Topic: American Intervention in Vietnam
Please study this document and answer the following questions.
. . . Over this war, and all Asia, is the deepening shadow of Communist China. The rulers in Hanoi are urged on by Peking. This is a regime which has destroyed freedom in Tibet, attacked India, and been condemned by the United Nations for aggression in Korea. It is a nation which is helping the forces of violence in almost every continent. The contest in Vietnam is part of a wider pattern of aggressive purpose.
Why are these realities our concern? Why are we in South Vietnam? We are there because we have a promise to keep. Since 1954 every American President has offered support to the people of South Vietnam. We have helped to build, and we have helped to defend. Thus, over many years, we have made a national pledge to help South Vietnam defend its independence. And I intend to keep our promise.
To dishonor that pledge, to abandon this small and brave nation to its enemy, and to the terror that must follow, would be an unforgivable wrong.
We are also there to strengthen world order. Around the globe, from Berlin to Thailand, are people whose well-being rests, in part, on the belief that they can count on us if they are attacked. To leave Vietnam to its fate would shake the confidence of all these people in the value of American commitment, the value of America's word. The result would be increased unrest and instability, and even wider war.
We are also there because there are great stakes in the balance. Let no one think for a moment that retreat from Vietnam would bring an end to conflict. The battle would be renewed in one country and then another. The central lesson of our time is that the appetite of aggression is never satisfied. To withdraw from one battlefield means only to prepare for the next. We must say in Southeast Asia, as we did in Europe, in the words of the Bible: "Hitherto shalt thou come, but no further."
There are those who say that all our effort there will be futile, that China's power is such it is bound to dominate all Southeast Asia. But there is no end to that argument until all the nations of Asia are swallowed up.

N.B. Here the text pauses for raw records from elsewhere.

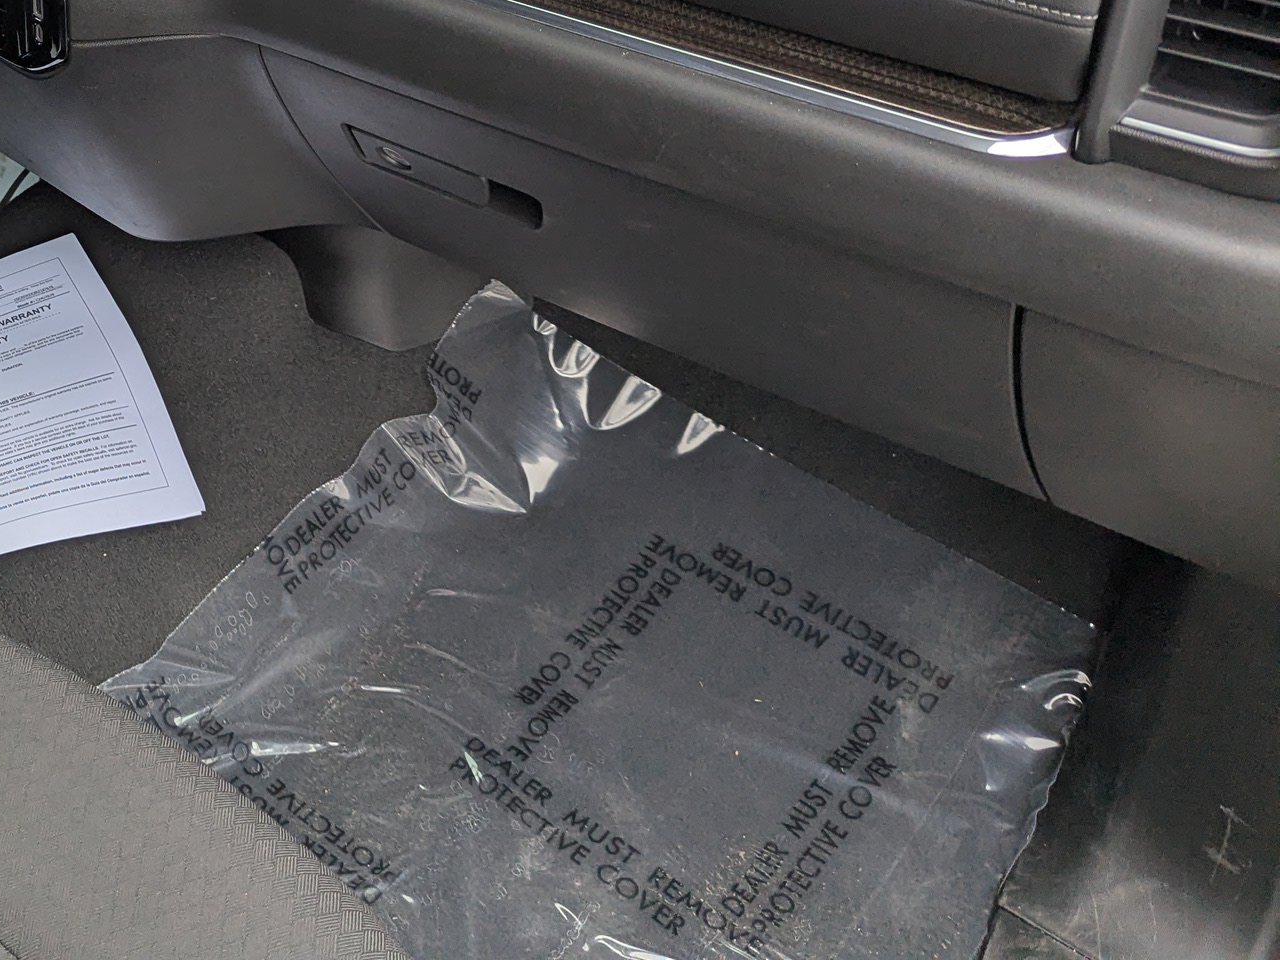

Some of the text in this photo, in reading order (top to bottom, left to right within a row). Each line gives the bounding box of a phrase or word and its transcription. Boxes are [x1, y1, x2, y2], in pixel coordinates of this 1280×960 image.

[9, 391, 35, 401] VEHICLE:
[284, 496, 345, 557] DEALER
[356, 448, 392, 498] MUST
[298, 486, 397, 581] PROTECTIVE
[507, 567, 682, 763] DEALER MUST REMOVE
[514, 551, 657, 706] PROTECTIVE COVER
[644, 532, 941, 715] DEALER MUST REMOVE
[712, 542, 956, 692] PROTECTIVE COVER
[198, 707, 403, 879] PROTECTIVE COVER
[464, 737, 554, 807] DEALER
[562, 808, 642, 864] MUST
[781, 778, 834, 840] MUST
[825, 695, 897, 776] REMOVE
[449, 756, 686, 937] PROTECTIVE COVER
[751, 755, 899, 934] PROTECTIVE COVER

There are those who wonder why we have a responsibility there. We have it for the same reason we have a responsibility for the defense of freedom in Europe. World War II was fought in both Europe and Asia, and when it ended we found ourselves with continued responsibility for the defense of freedom.
Our objective is the independence of South Vietnam, and its freedom from attack. We want nothing for ourselves, only that the people of South Vietnam be allowed to guide their own country in their own way.

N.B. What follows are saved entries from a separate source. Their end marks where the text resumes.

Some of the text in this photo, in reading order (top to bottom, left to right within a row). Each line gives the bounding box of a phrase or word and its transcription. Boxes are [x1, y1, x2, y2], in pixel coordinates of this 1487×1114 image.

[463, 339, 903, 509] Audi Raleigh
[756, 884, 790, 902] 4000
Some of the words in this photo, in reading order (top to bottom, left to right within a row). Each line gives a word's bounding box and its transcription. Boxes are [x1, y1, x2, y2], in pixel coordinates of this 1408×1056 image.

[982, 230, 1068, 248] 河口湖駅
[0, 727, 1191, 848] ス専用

We will do everything necessary to reach that objective. And we will do only what is absolutely necessary.
In recent months, attacks on South Vietnam were stepped up. Thus it became necessary to increase our response and to make attacks by air. This is not a change of purpose. It is a change in what we believe that purpose requires.
We do this in order to slow down aggression.

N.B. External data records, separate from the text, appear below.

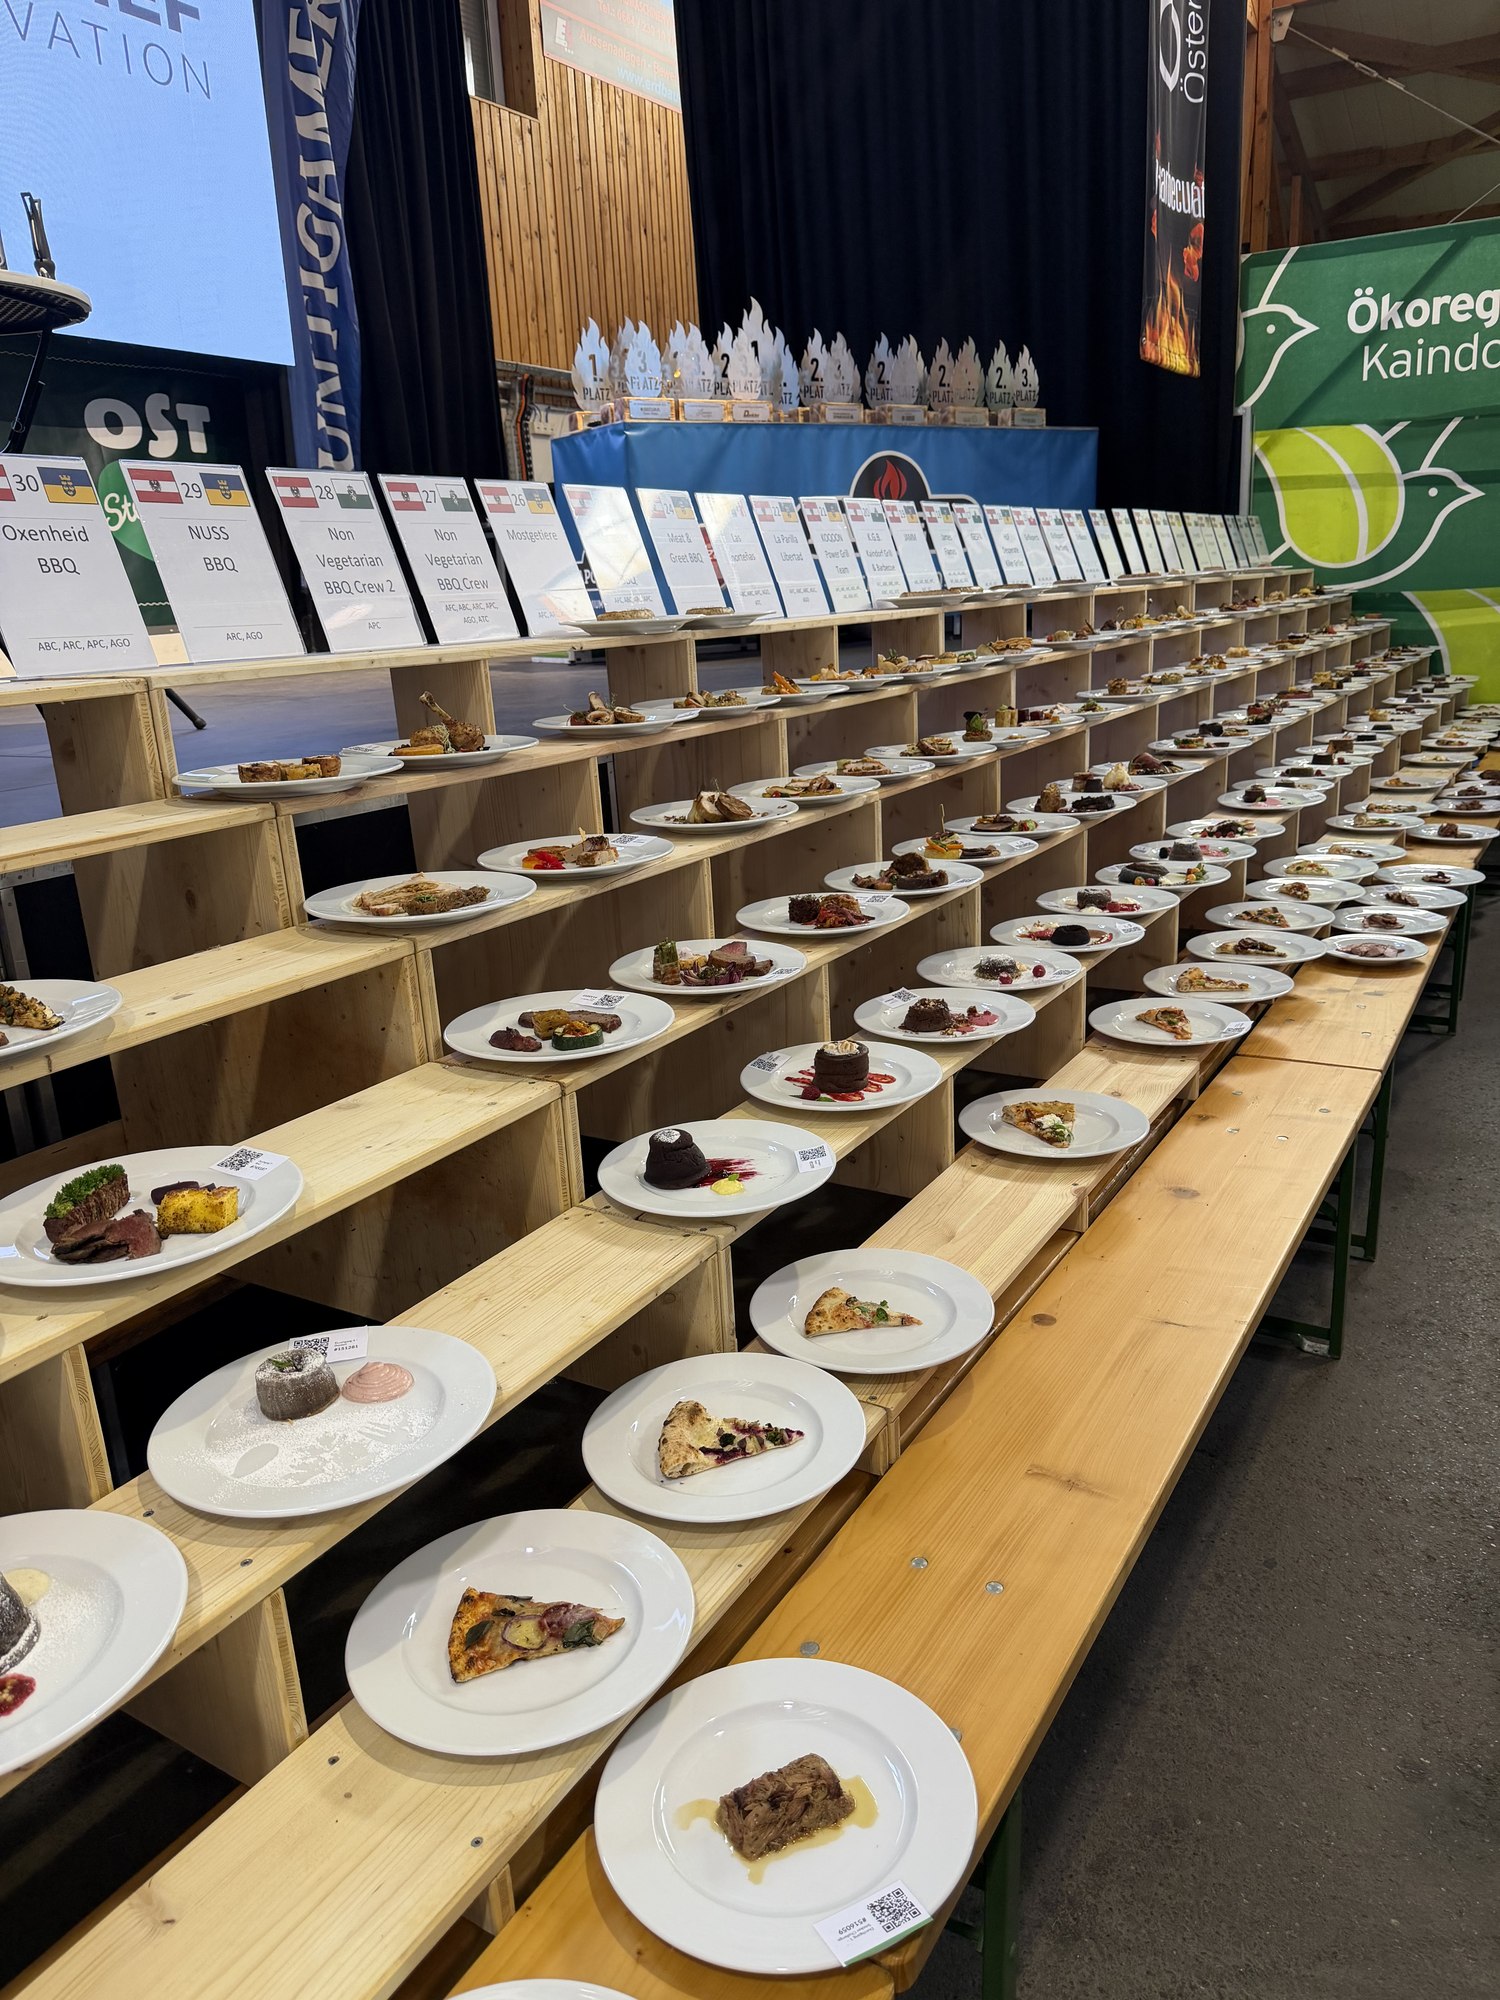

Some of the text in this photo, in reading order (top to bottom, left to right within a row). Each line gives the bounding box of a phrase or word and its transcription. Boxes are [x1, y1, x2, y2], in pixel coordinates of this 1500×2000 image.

[810, 358, 824, 382] 2.
[877, 361, 890, 385] 2.
[938, 365, 951, 388] 2.
[995, 366, 1007, 389] 2.
[1021, 368, 1032, 387] 3.
[582, 387, 611, 400] PLATZ
[803, 385, 825, 399] PLAT
[989, 392, 1011, 405] PLATZ
[1016, 390, 1037, 402] PLATZ
[84, 392, 211, 458] OST
[12, 474, 40, 492] 30
[181, 482, 202, 498] 29
[315, 485, 335, 500] 28
[421, 490, 437, 504] 27
[511, 493, 526, 507] 26
[2, 525, 90, 542] Oxenheid
[188, 525, 230, 540] NUSS
[328, 527, 355, 541] Non
[434, 528, 458, 541] Non
[506, 529, 558, 543] Mostgetiere
[203, 557, 239, 573] BBQ
[316, 554, 384, 571] Vegetarian
[425, 553, 483, 569] Vegetarian
[669, 552, 705, 564] Greet BBQ
[37, 557, 81, 575] BBQ
[324, 580, 396, 595] BBQ Crew 2
[437, 578, 489, 591] BBQ Crew
[368, 621, 381, 630] APC
[226, 632, 263, 642] ARC, AGO
[38, 638, 131, 652] ABC, ARC, APC, AGO

We do this to increase the confidence of the brave people of South Vietnam who have bravely borne this brutal battle for so many years and with so many casualties.
And we do this to convince the leaders of North Vietnam, and all who seek to share their conquest, of a very simple fact:
We will not be defeated.
We will not grow tired.
We will not withdraw, either openly or under the cloak of a meaningless agreement. . . .
Once this is clear, then it should also be clear that the only path for reasonable men is the path of peaceful settlement.
Such peace demands an independent South Vietnam securely guaranteed and able to shape its own relationships to all others, free from outside interference, tied to no alliance, a military base for no other country.
These are the essentials of any final settlement.
We will never be second in the search for such a peaceful settlement in Vietnam.
There may be many ways to this kind of peace: in discussion or negotiation with the governments concerned; in large groups or in small ones; in the reaffirmation of old agreements or their strengthening with new ones.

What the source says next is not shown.